I was standing in the queue with my wife waiting to pay for the customary legumes when I suddenly became aware that I was listening to the bassline and beats of whatever otherwise-unrecognisable piece it was. And they made sense as music. The bass was roughly, sufficiently tuned, if a little approximate and wobbly; but the kickdrum beat, which didn’t need to express pitch in the same way, was smack on the money. It sounded like a kickdrum and I knew it to be one too.
“Fuck me, Jane,” I said. “That drum … it sounds like … like a drum!”
And since that afternoon I have been listening systematically to every Lee Perry record I have accumulated over fifty years. Listening to the kickdrum and the bass and trying to exclude or ignore wherever distorting fog or mulch or hell or highwater impinges on it as texture to the rhythm — and you must believe me when I say that Scratch’s kickdrum is the most beautiful sound I have ever heard. It is. It’ll keep me going for quite some time, I think.
Thud.
Lee ‘Scratch’ Perry for beginners: a small accumulation of thuds
Junior Murvin: ‘Police and Thieves’
Could there ever be such a thing as a Daddy Scratch Rhythm? If it were possible, it might well be this one, by popular acclaim and even perhaps following deep analysis by reggae boffins. This is the Scratch sound as it was in 1976 — one of his great years — lithe, propulsive and dread as a simple three-chord structure could ever be. Its locomotion is like unto a train passing through the darkness of a Jamaican night and its tiny repeat-echoed hiccup is a classic touch of Scratch genius. No one has ever claimed Junior Murvin’s falsetto as a top voice and it is an interesting Scratch peculiarity that he worked so often with voices that were characterful rather than great. I suspect he was really only interested in voices that folded into his mess agreeably. Look out for dub versions of “Police and Thieves”, the primum mobile being “Grumblin’ Dub”.

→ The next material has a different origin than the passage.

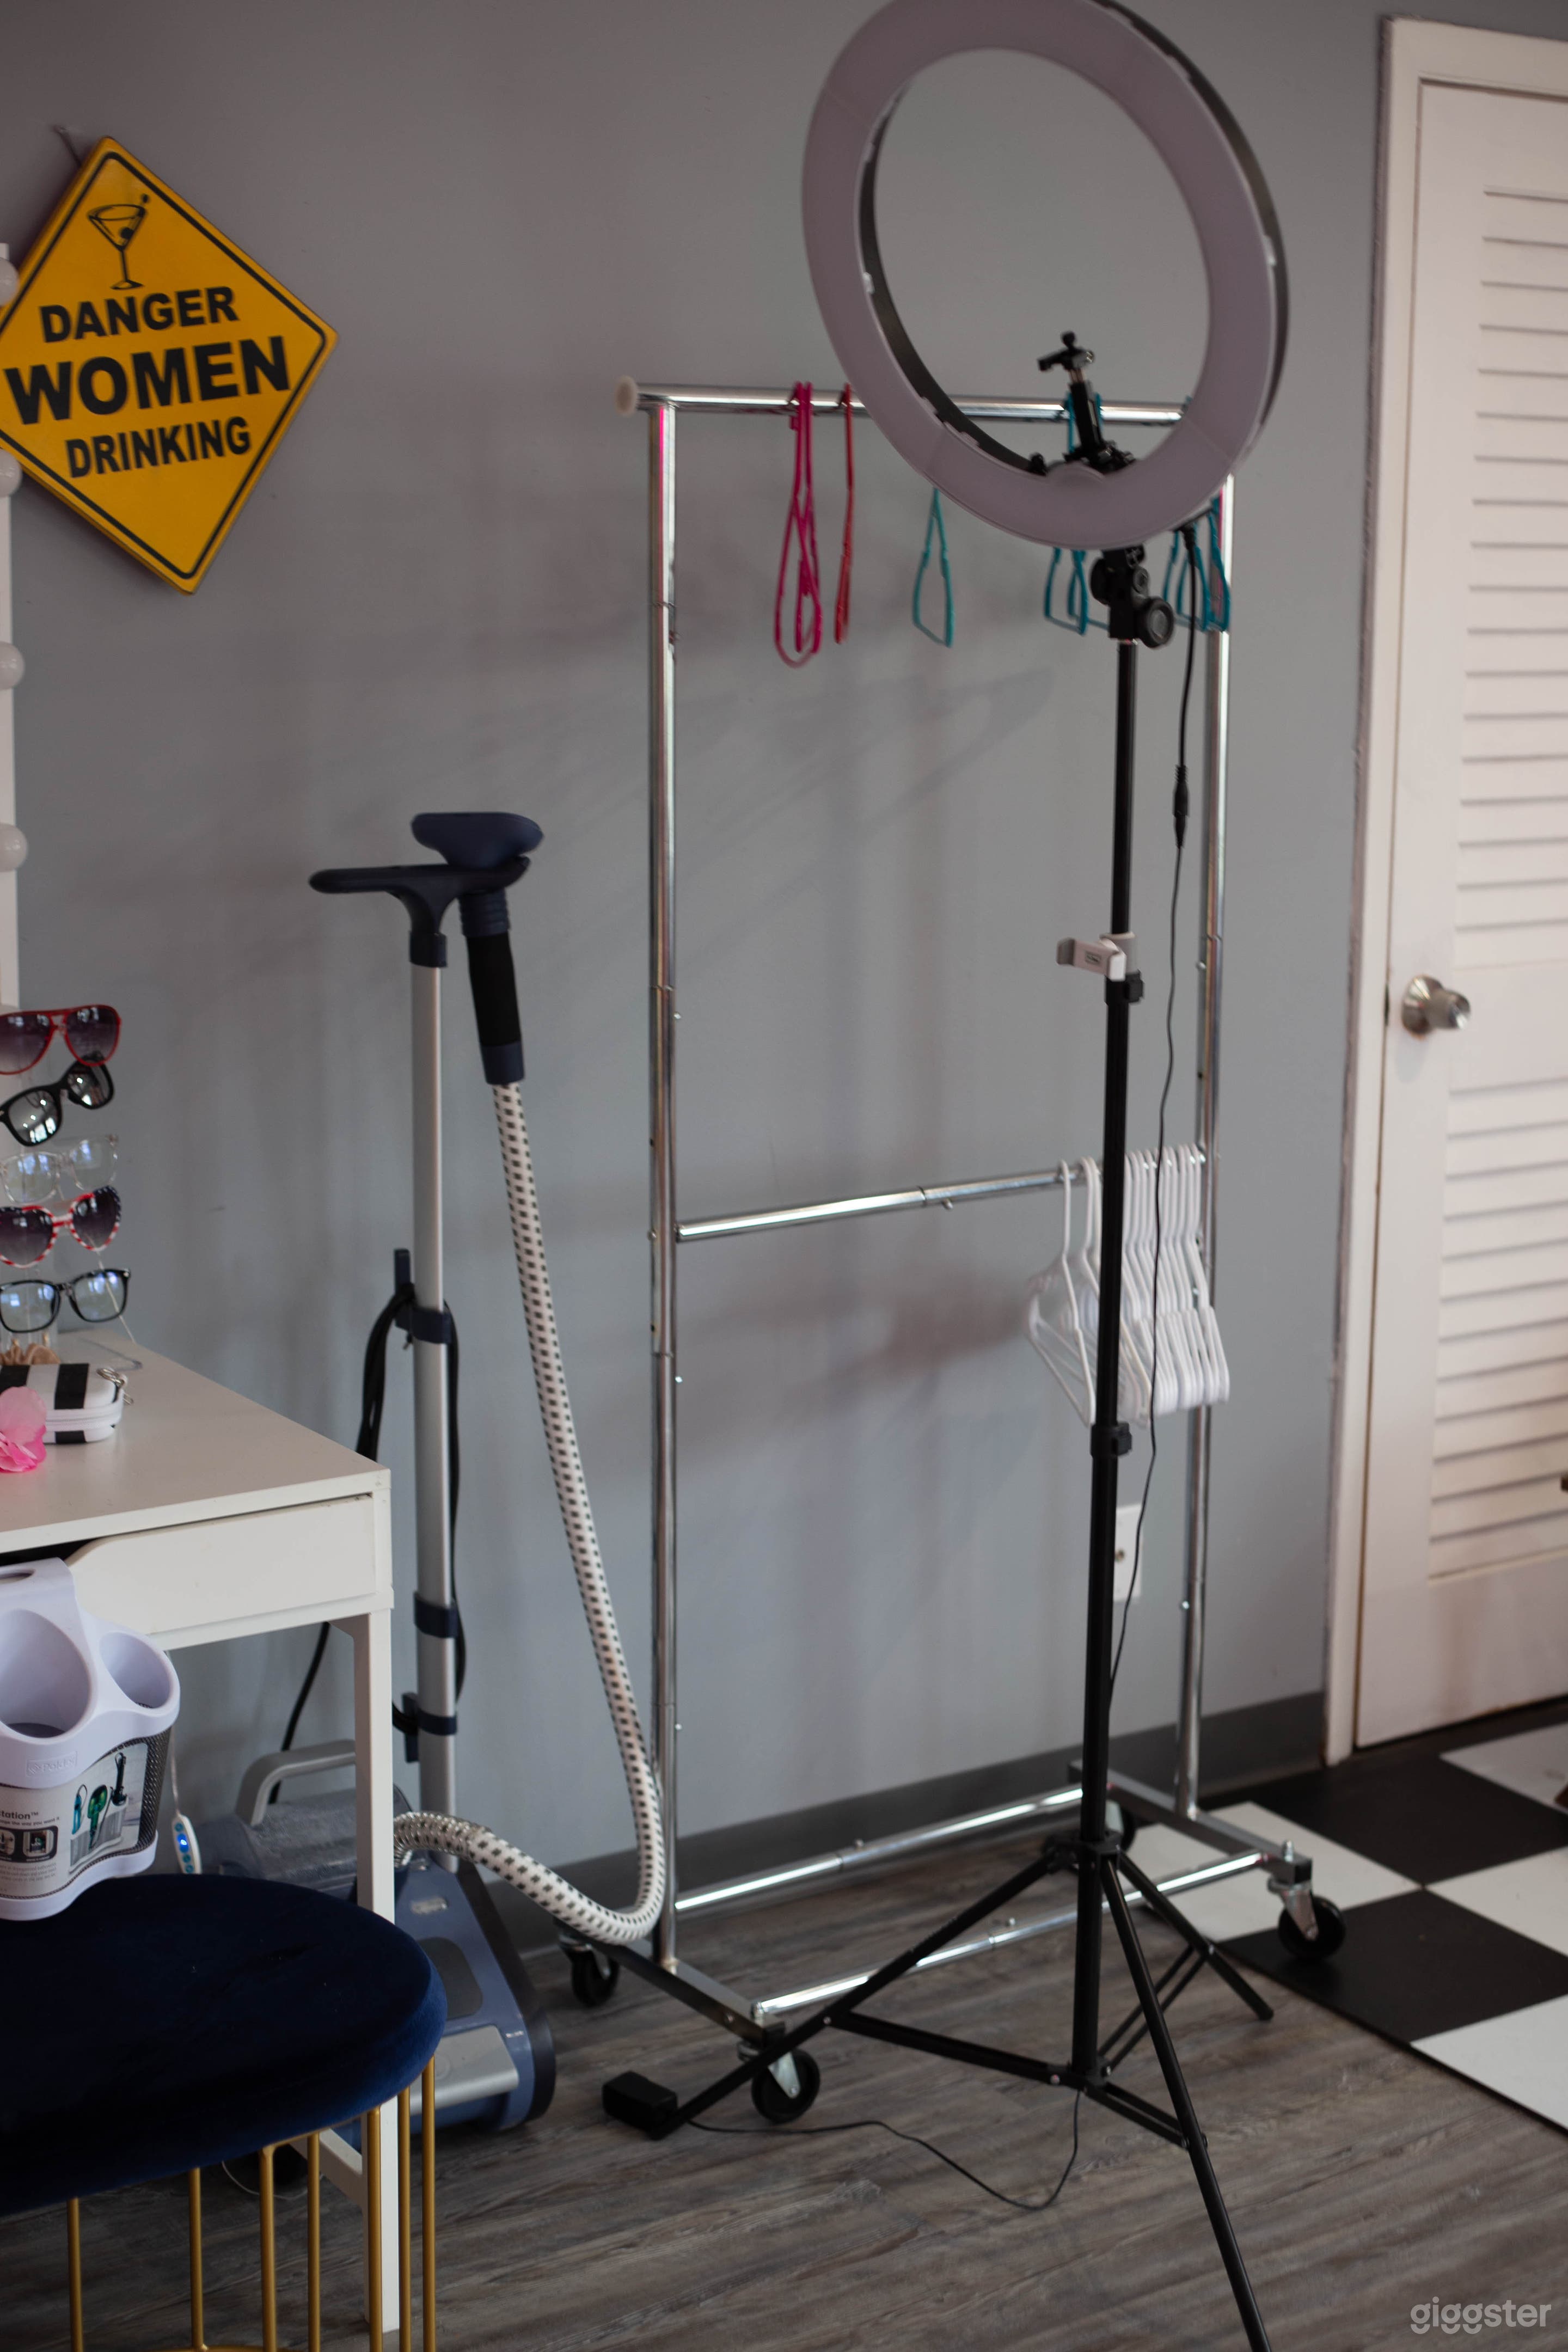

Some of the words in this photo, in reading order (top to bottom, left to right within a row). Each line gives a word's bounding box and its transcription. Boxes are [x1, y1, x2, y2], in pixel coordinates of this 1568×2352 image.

Junior Byles: “The Long Way”
If Scratch did have a favourite voice then it might well have been Byles’, whose extraordinary pipes cleaved to Perry rhythm like a vine to a crumbling wall. This is fabulous. There are several versions (as well as ‘versions’) but my preference is for the one to be found on Trojan’s 2CD collection of Scratch’s ’70s 7in singles, Sipple Out Deh: The Black Ark Years. It’s a brilliant survey of the basic currency of reggae comms: the 45rpm 7inch single
Lee Perry The Upsetter: “Big Neck Police”
Scratch was an actorly singer — and if you can cope with his singing then his very fine Roast Fish Collie Weed & Corn Bread album is a place to hang out, because it includes loads of gorgeous kickdrum action with lots of air round it. This is an umpteenth rendering of “Police and Thieves”’ nearest rival for Daddy Scratch Rhythm, the heroic “Dreadlocks in Moonlight” / “Green Bay Incident” spook-out. See also the wispy beauty of the relatively recent but already hard-to-find Pressure Sounds dubplate compilation, Sound System Scratch, where it goes by the subtle identity of “Big Neck Cut”.
Finally, if you are an album person and you want a touch of longform Scratch then there are two places to start, again from the vintage year, 1976: The Upsetters’ marvellous vegetative Super Ape and Max Romeo’s War Inna Babylon.